Research Article | DOI: https://doi.org/10.31579/2641-5194/044

Tirzepatide: A Useful Addition for Treatment of Type 2 Diabetes and Obesity

  • Nasser Mikhail 1*

MD, MSc, Chief Endocrinology Division, Olive View-UCLA Medical Center, Sylmar, CA, USA

*Corresponding Author: Nasser Mikhail, MD, MSc, Chief Endocrinology Division, Olive View-UCLA Medical Center, Sylmar, CA, USA

Citation: Mikhail N. (2021) Tirzepatide: A Useful Addition for Treatment of Type 2 Diabetes and Obesity J. Gastroenterology Pancreatology and Hepatobilary Disorders. 5(5) DOI: 10.31579/2641-5194/044

Copyright: © 2021, Nasser Mikhail, This is an open access article distributed under the Creative Commons Attribution License, which permits unrestricted use, distribution, and reproduction in any medium, provided the original work is properly cited.

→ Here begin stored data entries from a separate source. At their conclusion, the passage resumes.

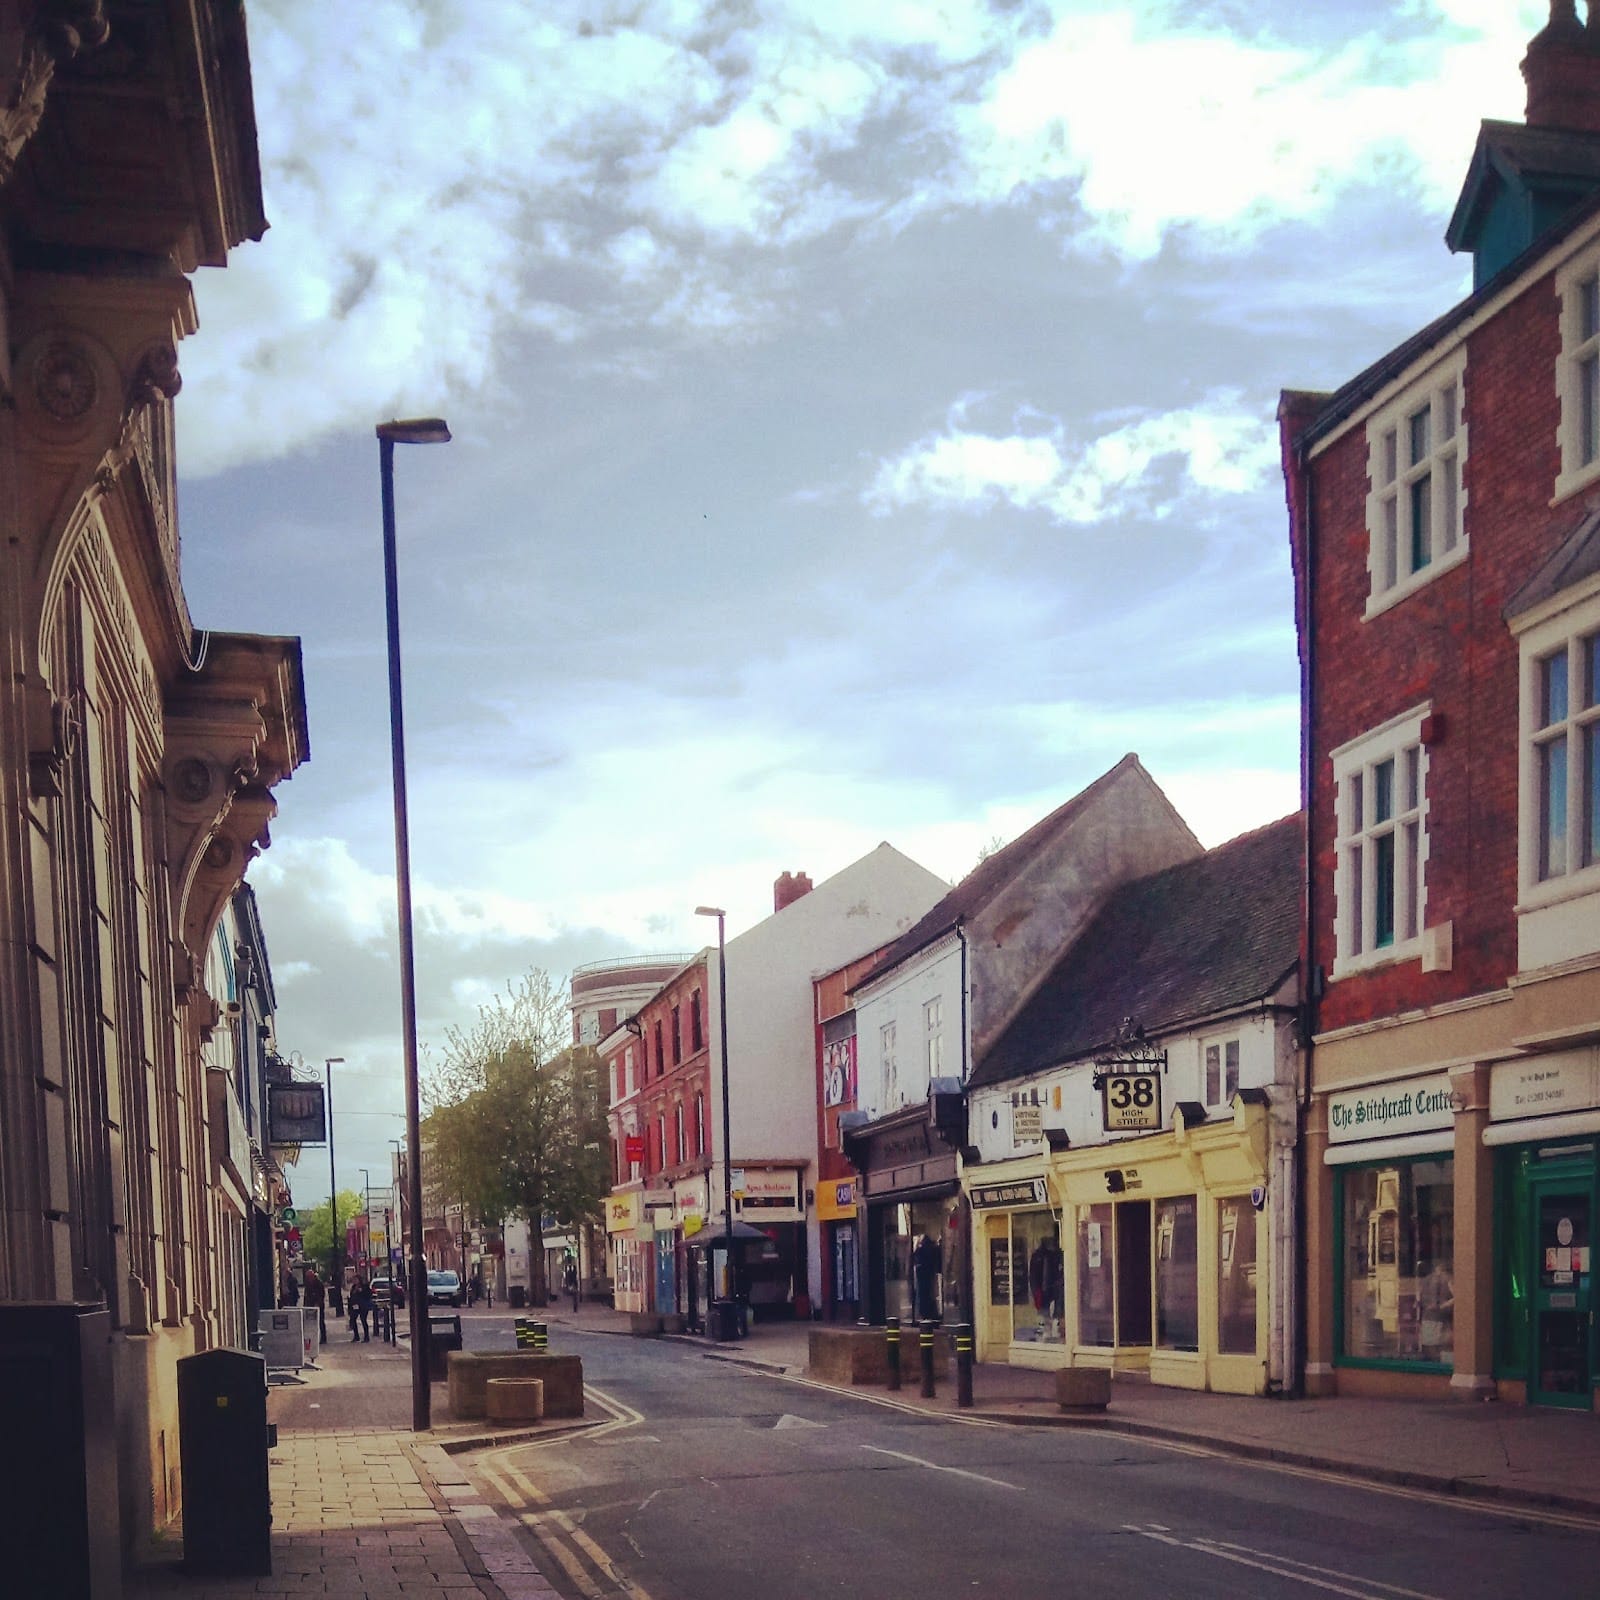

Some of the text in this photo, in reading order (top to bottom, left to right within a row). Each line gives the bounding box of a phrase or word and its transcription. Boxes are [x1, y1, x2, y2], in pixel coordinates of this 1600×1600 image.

[1111, 1078, 1153, 1109] 38
[1122, 1109, 1143, 1117] HIGH
[1332, 1103, 1353, 1130] The
[1355, 1093, 1413, 1124] Stitchcraft
[1116, 1118, 1149, 1126] STREET
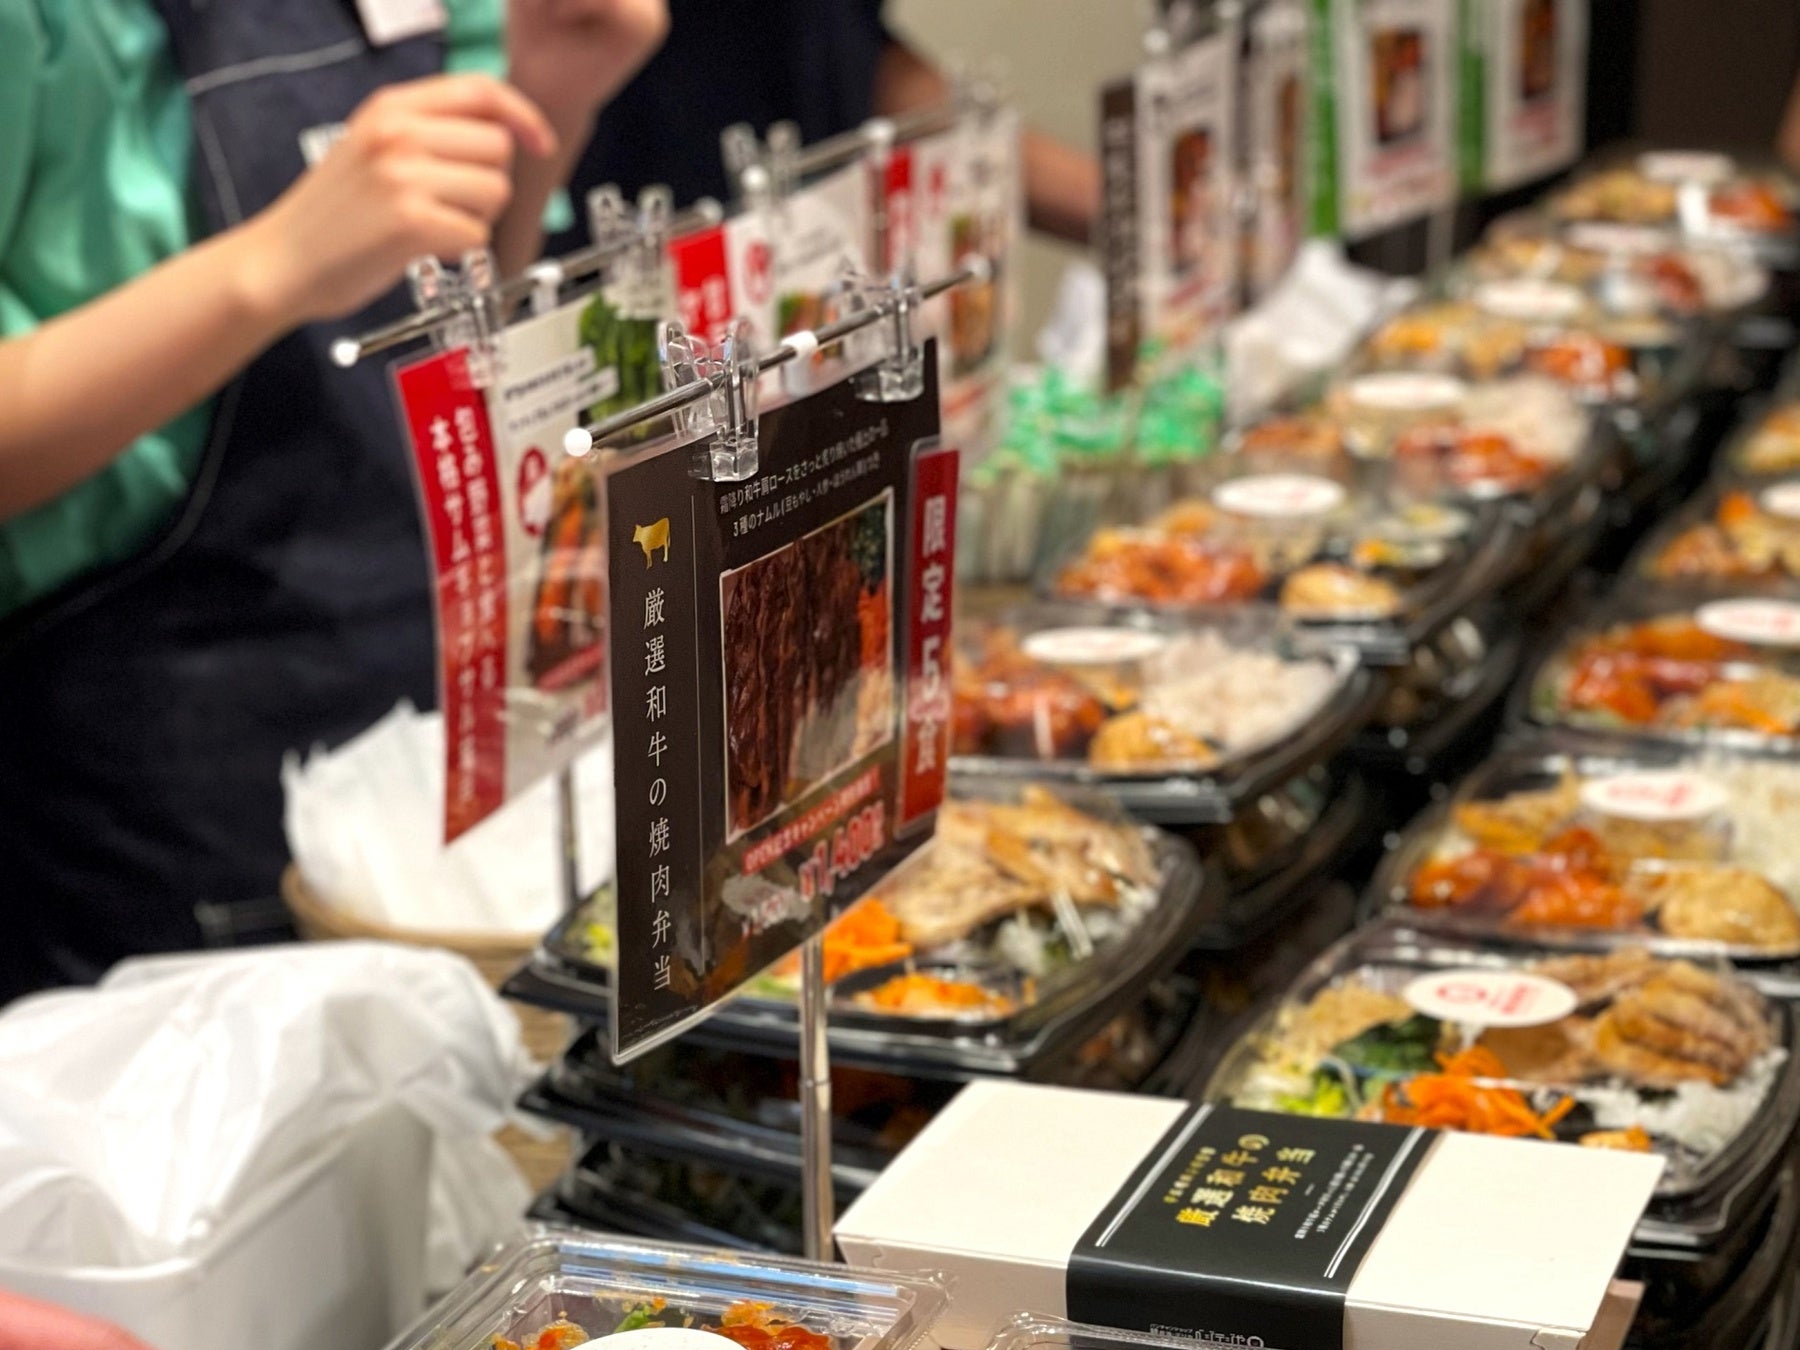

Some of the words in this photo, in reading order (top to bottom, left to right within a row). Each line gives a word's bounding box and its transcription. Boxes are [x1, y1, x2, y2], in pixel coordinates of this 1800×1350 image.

[643, 588, 672, 991] 厳選和牛の焼肉弁当
[1175, 1133, 1270, 1227] 厳選和牛の
[1231, 1146, 1316, 1225] 焼肉弁当
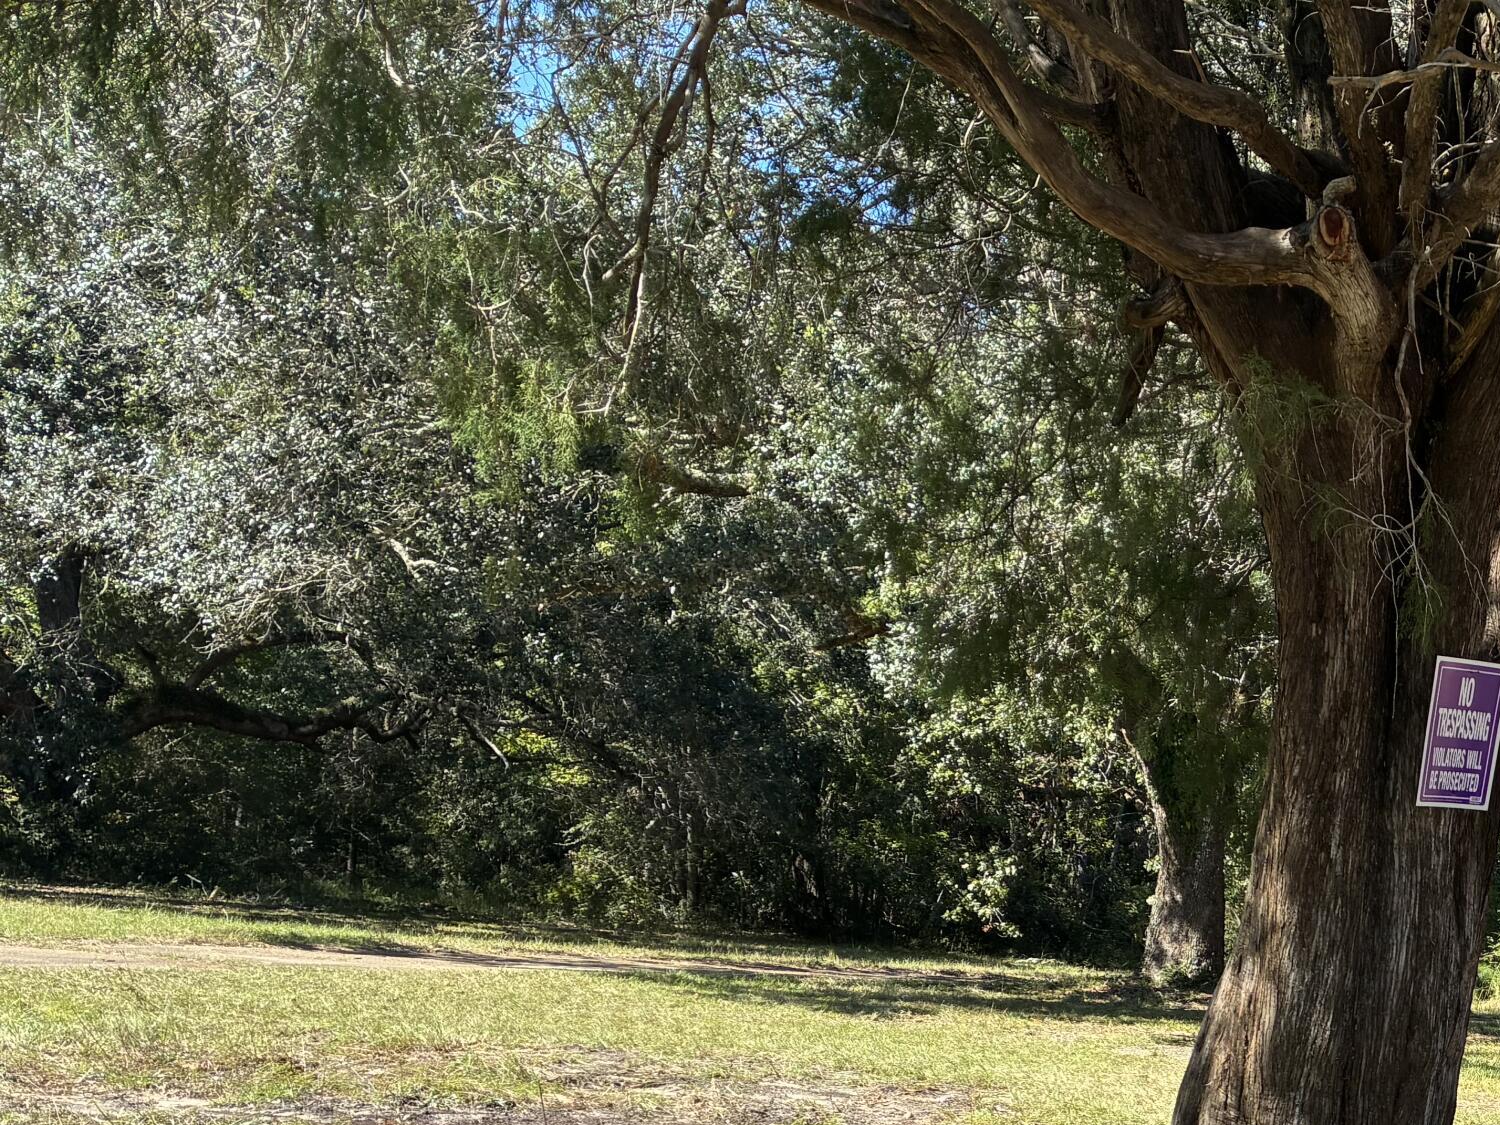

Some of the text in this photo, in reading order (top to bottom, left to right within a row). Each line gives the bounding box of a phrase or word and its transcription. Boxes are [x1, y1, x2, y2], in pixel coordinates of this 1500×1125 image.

[1458, 677, 1476, 707] NO
[1437, 708, 1491, 741] TRESPASSING
[1432, 747, 1482, 770] VIOLATORS WILL
[1429, 770, 1480, 793] BE PROSECUTED

Received: 08 August 2021 | Accepted: 25 August 2021 | Published: 10 September 2021

Keywords: tirzepatide; incretins ; semaglutide ; GLP-1; GIP; efficacy; safety; weight loss

Abstract

Background: Tirzepatide is a dual receptor agonist of the 2 incretin hormones: glucose-dependent insulinotropic polypeptide (GIP) and glucagon-like peptide-1 (GLP-1) which is currently under development.   

Objective: To clarify the potential role of tirzepatide for treatment of type 2 diabetes and obesity. 

Methods: Pubmed search until August 5th, 2021. Search terms were GLP-1, GIP, incretins, tirzepatide, efficacy, safety. Clinical trials and pertinent reviews were included. 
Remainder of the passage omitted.